Propositional Logic
Introduction
Propositional logic is the formal language of Chapter 7. It is decidable, has tractable inference algorithms for moderate-sized problems, and is the foundation for all inference algorithms introduced later.
Syntax (BNF Grammar)
Sentence → AtomicSentence | ComplexSentence
AtomicSentence → True | False | Symbol
Symbol → P | Q | R | B_1_1 | Pit_2_3 | ...
ComplexSentence →
¬ Sentence
| Sentence ∧ Sentence
| Sentence ∨ Sentence
| Sentence → Sentence
| Sentence ↔ Sentence
| ( Sentence )
Operator Precedence (high → low)
¬(unary, highest)∧∨→(right-associative)↔︎(lowest)
Terminology
- Atom: A propositional symbol or True/False.
- Literal: An atom or its negation.
- Clause: A disjunction of literals:
(L₁ ∨ L₂ ∨ ... ∨ Lk).
Semantics: Truth Tables
All Connectives
| P | Q | ¬P | P∧Q | P∨Q | P→Q | P↔︎Q |
|---|---|---|---|---|---|---|
| T | T | F | T | T | T | T |
| T | F | F | F | T | F | F |
| F | T | T | F | T | T | F |
| F | F | T | F | F | T | T |
Implication key insight: P → Q is false
only when P=T and Q=F. Vacuously true when P=F.
Biconditional: true iff P and Q have the same truth value.

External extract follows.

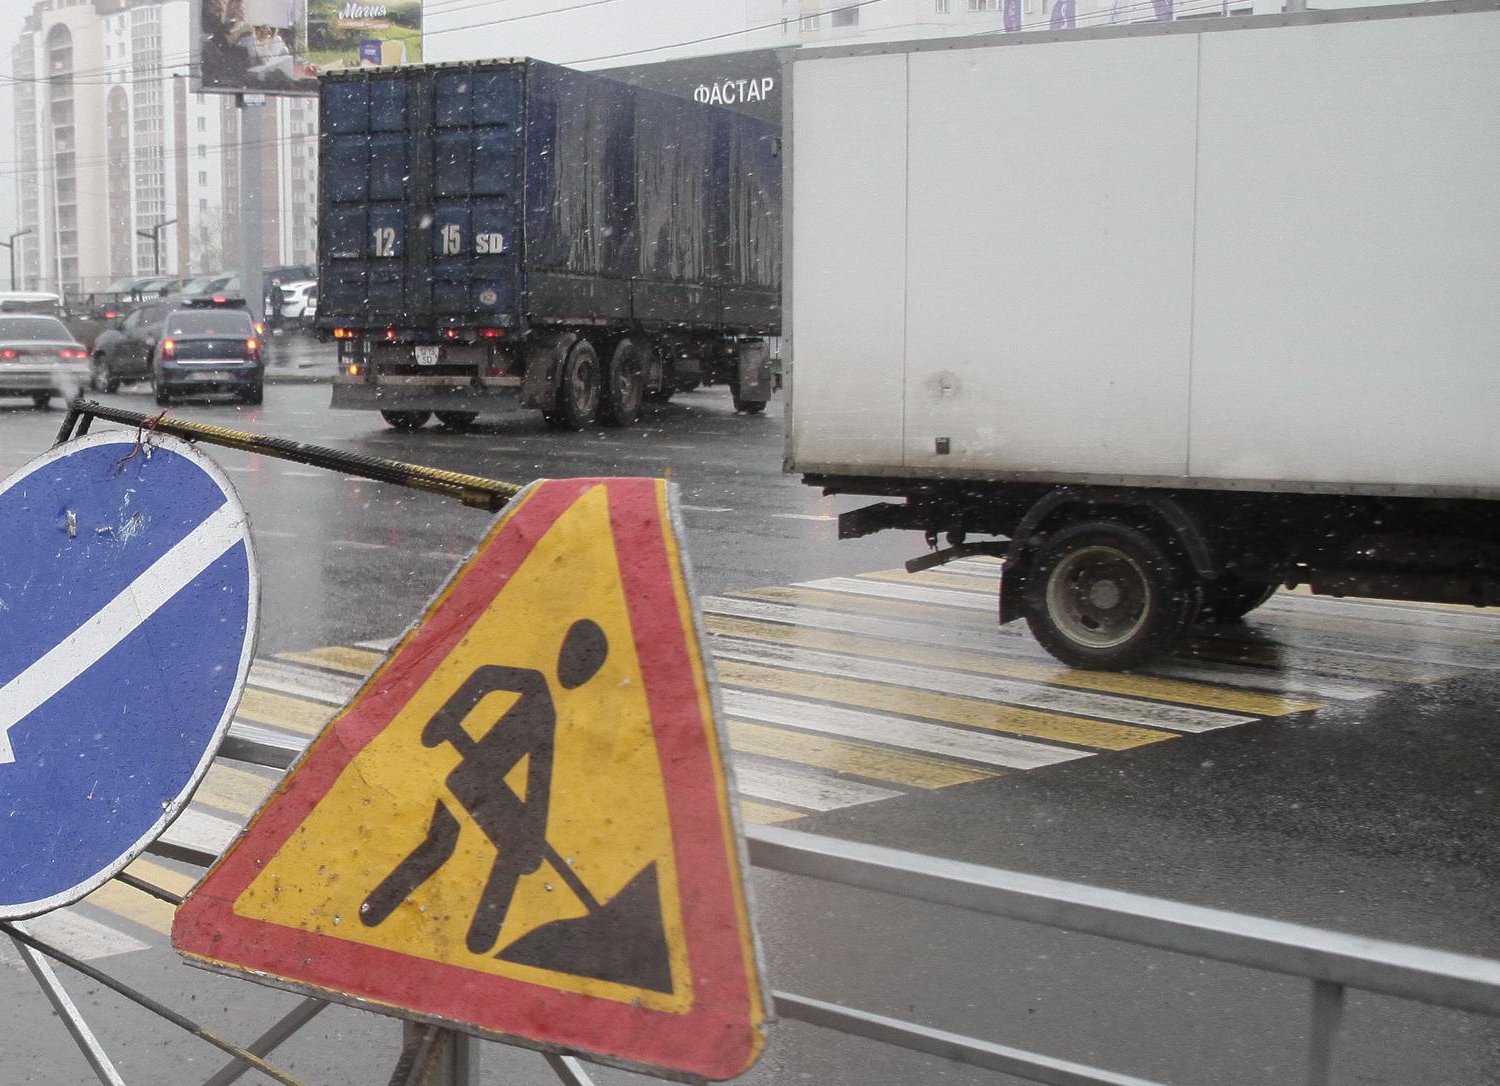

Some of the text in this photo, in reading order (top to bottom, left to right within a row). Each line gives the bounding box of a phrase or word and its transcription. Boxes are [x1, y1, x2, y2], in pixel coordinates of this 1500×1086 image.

Sentence Evaluation Example
Model: m = {P=T, Q=F, R=T} Sentence:
¬P ∨ (Q → R)
Q → R: F→T = T¬P: ¬T = FF ∨ T= T ✓
Propositional Wumpus World Encoding
-- Breeze-pit axiom for [i,j]:
B_i_j ↔ (P_{i+1,j} ∨ P_{i-1,j} ∨ P_{i,j+1} ∨ P_{i,j-1})
-- Safe square:
OK_i_j ↔ ¬P_i_j ∧ ¬W_i_j
-- Percept at t=0:
¬B_1_1
¬S_1_1
¬P_1_1
Inference:
{¬B_1_1, B_1_1 ↔︎ (P_1_2 ∨ P_2_1)} ⊨ ¬P_1_2 ∧ ¬P_2_1
Expressiveness Limitations
- Cannot write “for all squares” — must write one sentence per square.
- Cannot represent changing agent position without time-indexed symbols → symbol explosion.
- No quantifiers, no relations, no functions.
These limitations motivate first-order logic (Chapter 8).